◆ Your goal
Exactly what is written in the records below should be returned, minus the images.

◆ Extracted material
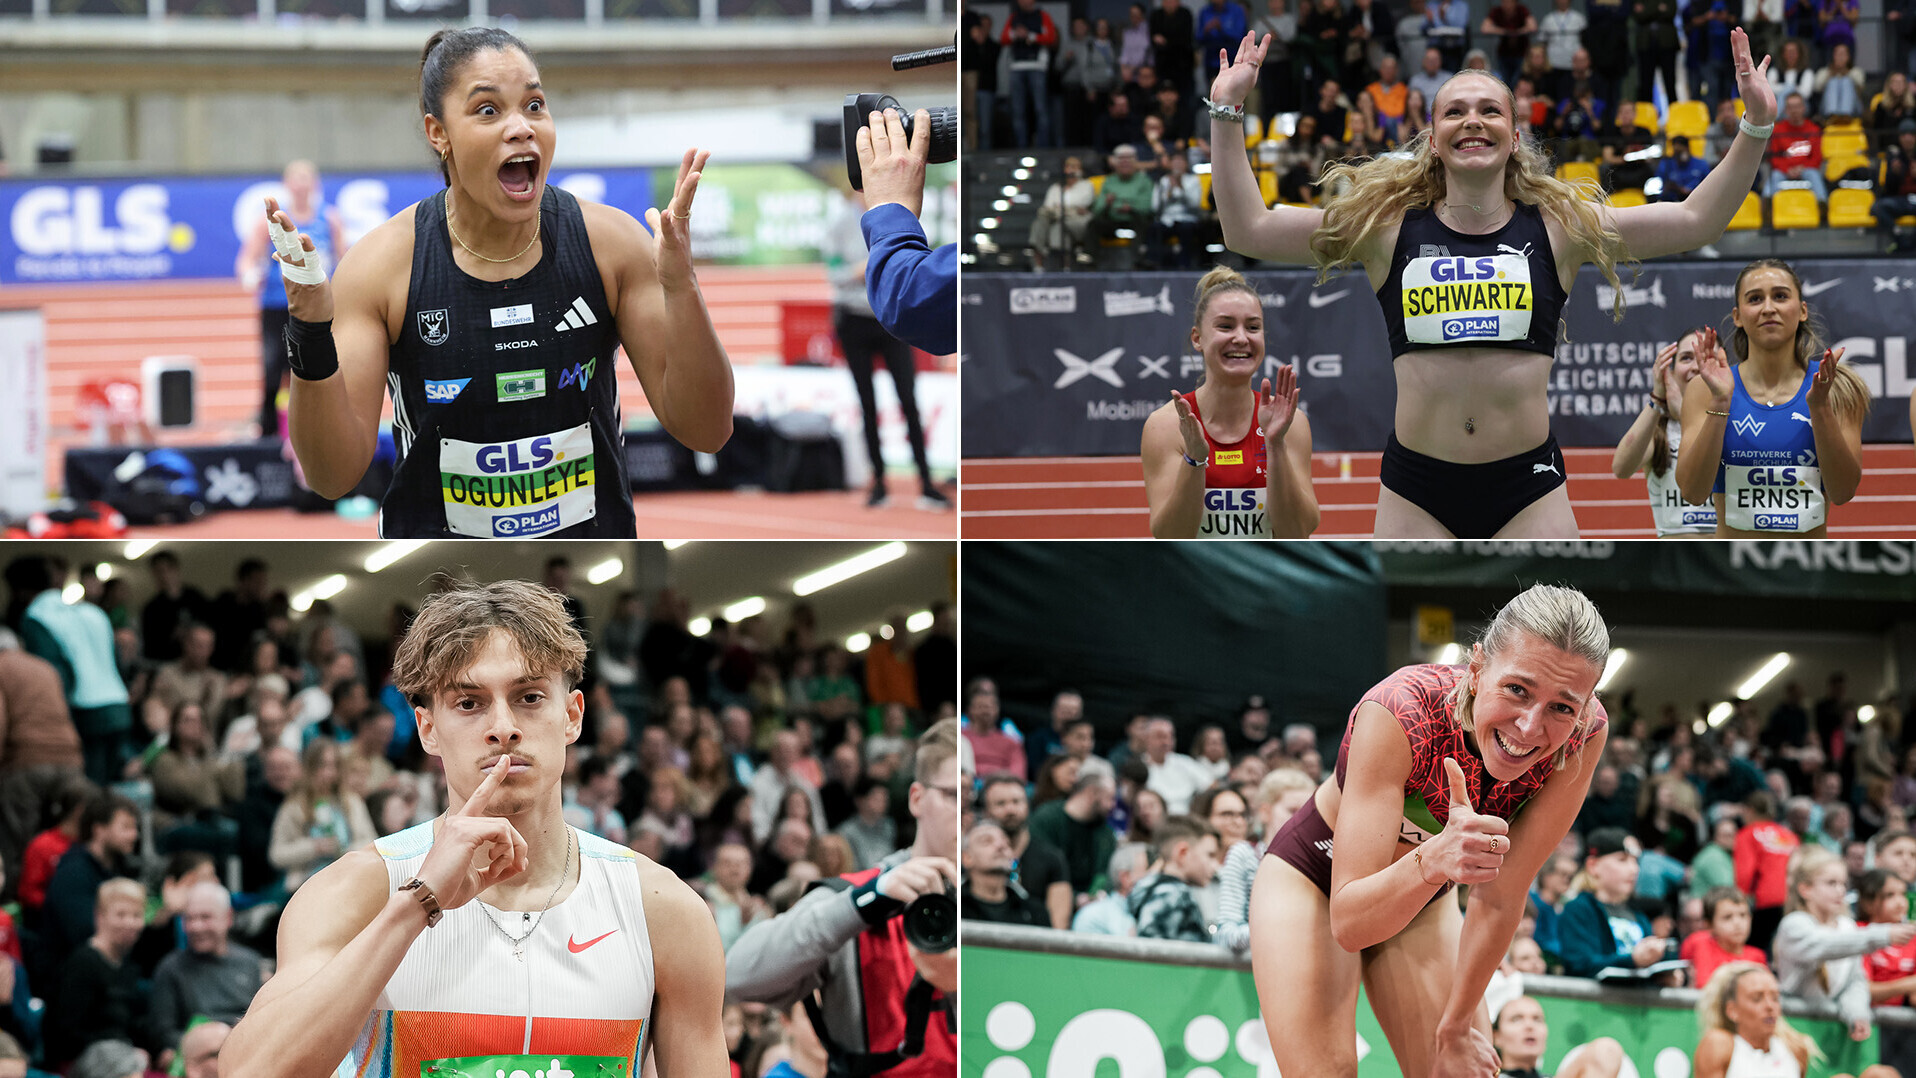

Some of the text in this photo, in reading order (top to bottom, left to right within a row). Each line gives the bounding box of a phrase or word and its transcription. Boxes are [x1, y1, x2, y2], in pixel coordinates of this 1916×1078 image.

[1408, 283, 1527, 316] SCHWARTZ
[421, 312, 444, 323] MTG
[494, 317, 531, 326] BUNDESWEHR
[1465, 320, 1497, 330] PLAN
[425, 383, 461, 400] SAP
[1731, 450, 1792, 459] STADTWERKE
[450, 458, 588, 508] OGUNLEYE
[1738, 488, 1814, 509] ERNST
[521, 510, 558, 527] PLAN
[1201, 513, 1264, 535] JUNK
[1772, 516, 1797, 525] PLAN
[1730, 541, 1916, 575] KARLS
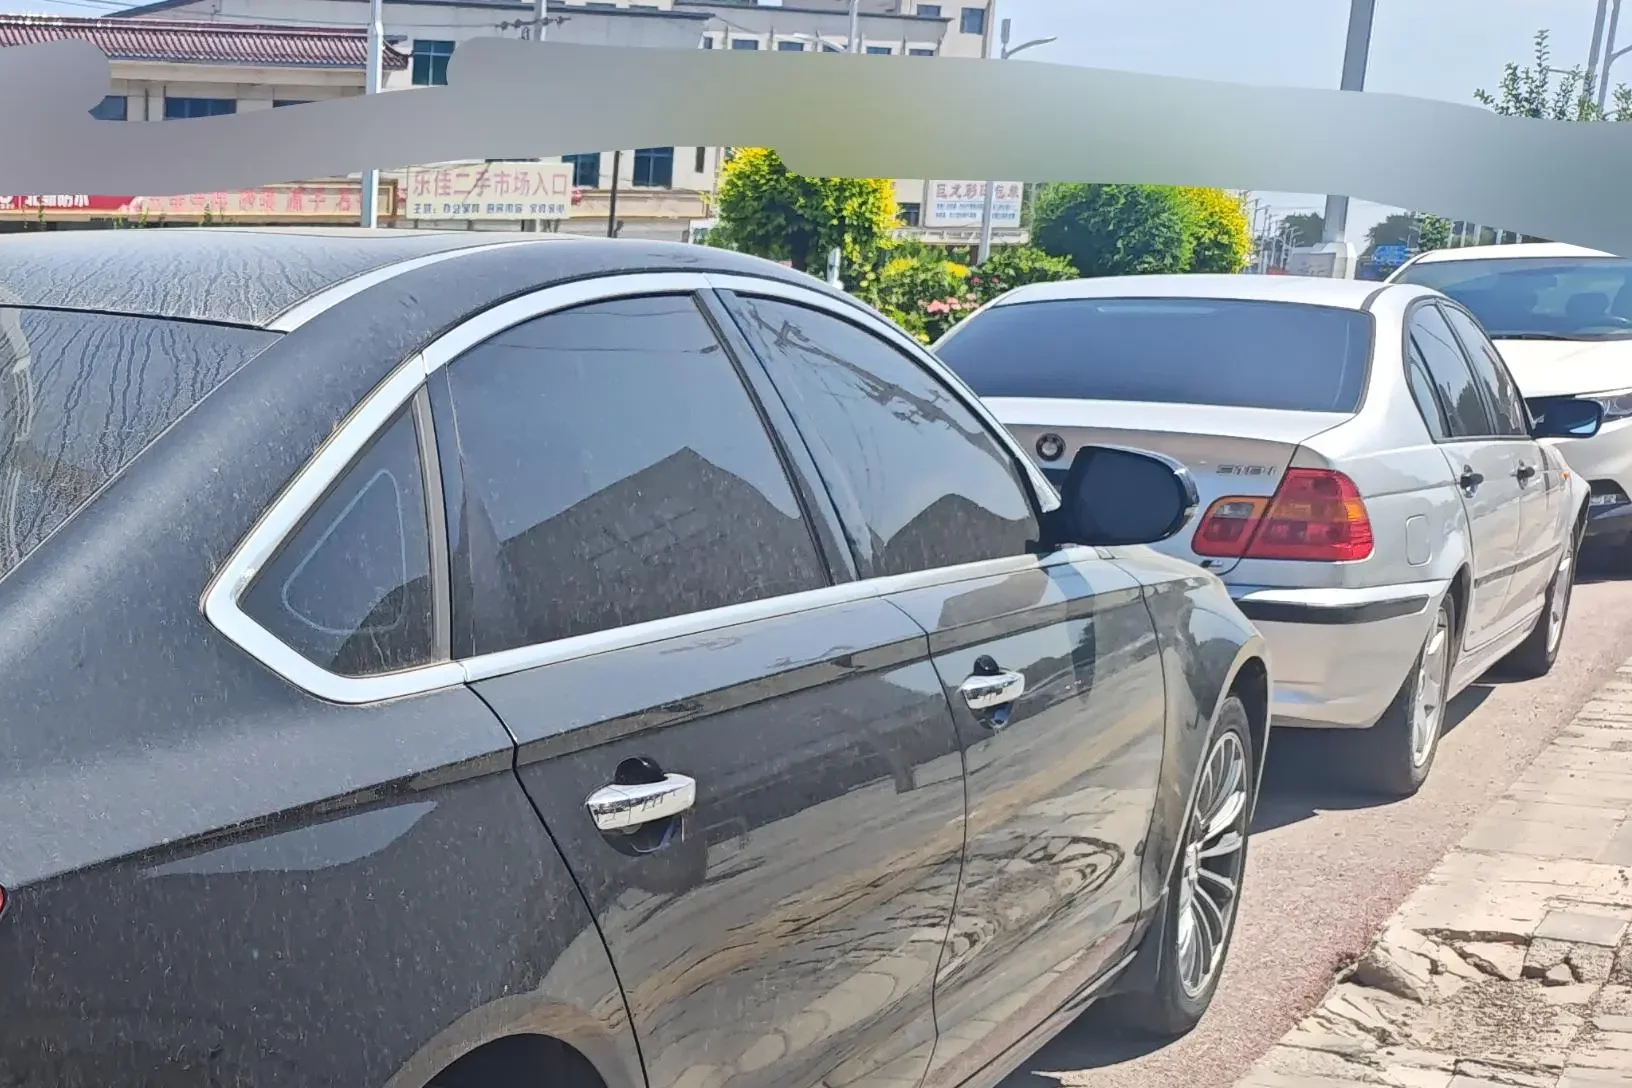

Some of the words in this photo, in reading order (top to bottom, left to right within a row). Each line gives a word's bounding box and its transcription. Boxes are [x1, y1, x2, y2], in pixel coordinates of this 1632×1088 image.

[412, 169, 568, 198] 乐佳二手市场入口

◆ Written solution
Some of the text in this photo, in reading order (top to bottom, left to right within a row). Each line gives the bounding box of a phrase or word and its transcription. Boxes are [x1, y1, x2, y2], in pixel coordinates of this 1916×1078 image.

[1408, 283, 1527, 316] SCHWARTZ
[421, 312, 444, 323] MTG
[494, 317, 531, 326] BUNDESWEHR
[1465, 320, 1497, 330] PLAN
[425, 383, 461, 400] SAP
[1731, 450, 1792, 459] STADTWERKE
[450, 458, 588, 508] OGUNLEYE
[1738, 488, 1814, 509] ERNST
[521, 510, 558, 527] PLAN
[1201, 513, 1264, 535] JUNK
[1772, 516, 1797, 525] PLAN
[1730, 541, 1916, 575] KARLS

Some of the words in this photo, in reading order (top to bottom, left to right within a row). Each line gives a word's bounding box and its transcription. Boxes are [x1, y1, x2, y2], in pixel coordinates of this 1632×1088 image.

[412, 169, 568, 198] 乐佳二手市场入口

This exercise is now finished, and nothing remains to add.